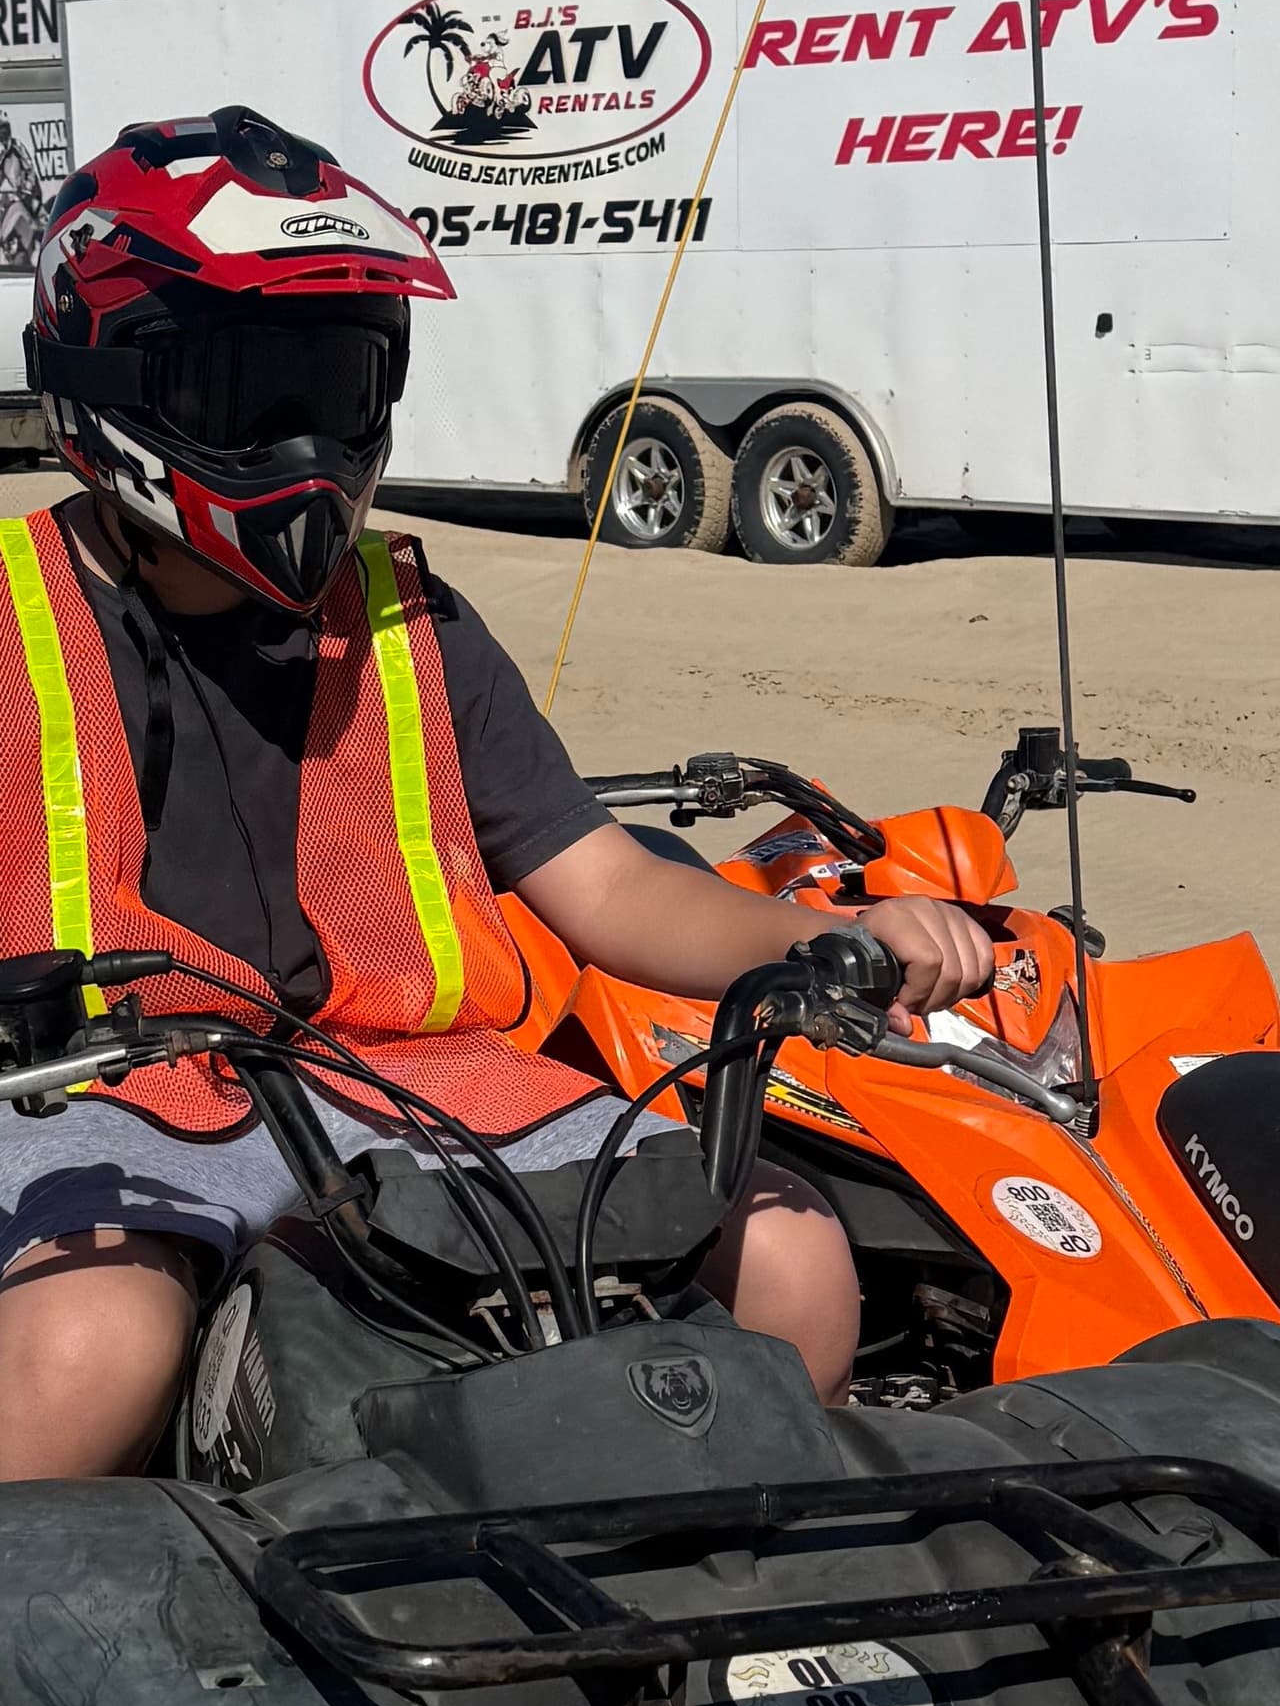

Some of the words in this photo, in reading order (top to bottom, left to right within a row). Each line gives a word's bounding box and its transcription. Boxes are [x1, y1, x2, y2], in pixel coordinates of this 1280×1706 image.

[514, 4, 579, 30] B.J.'S
[742, 5, 956, 70] RENT
[517, 20, 669, 86] ATV
[537, 89, 656, 115] RENTALS
[407, 132, 666, 187] WWW.BJSATVRENTALS.COM
[834, 104, 1084, 166] HERE!
[1184, 1133, 1255, 1241] KYMCO

-- Task to complete --
Without including any picture, write out the material above exactly.

-- Result of the task --
Some of the words in this photo, in reading order (top to bottom, left to right within a row). Each line gives a word's bounding box and its transcription. Boxes are [x1, y1, x2, y2], in pixel coordinates of this 1280×1706 image.

[514, 4, 579, 30] B.J.'S
[742, 5, 956, 70] RENT
[517, 20, 669, 86] ATV
[537, 89, 656, 115] RENTALS
[407, 132, 666, 187] WWW.BJSATVRENTALS.COM
[834, 104, 1084, 166] HERE!
[1184, 1133, 1255, 1241] KYMCO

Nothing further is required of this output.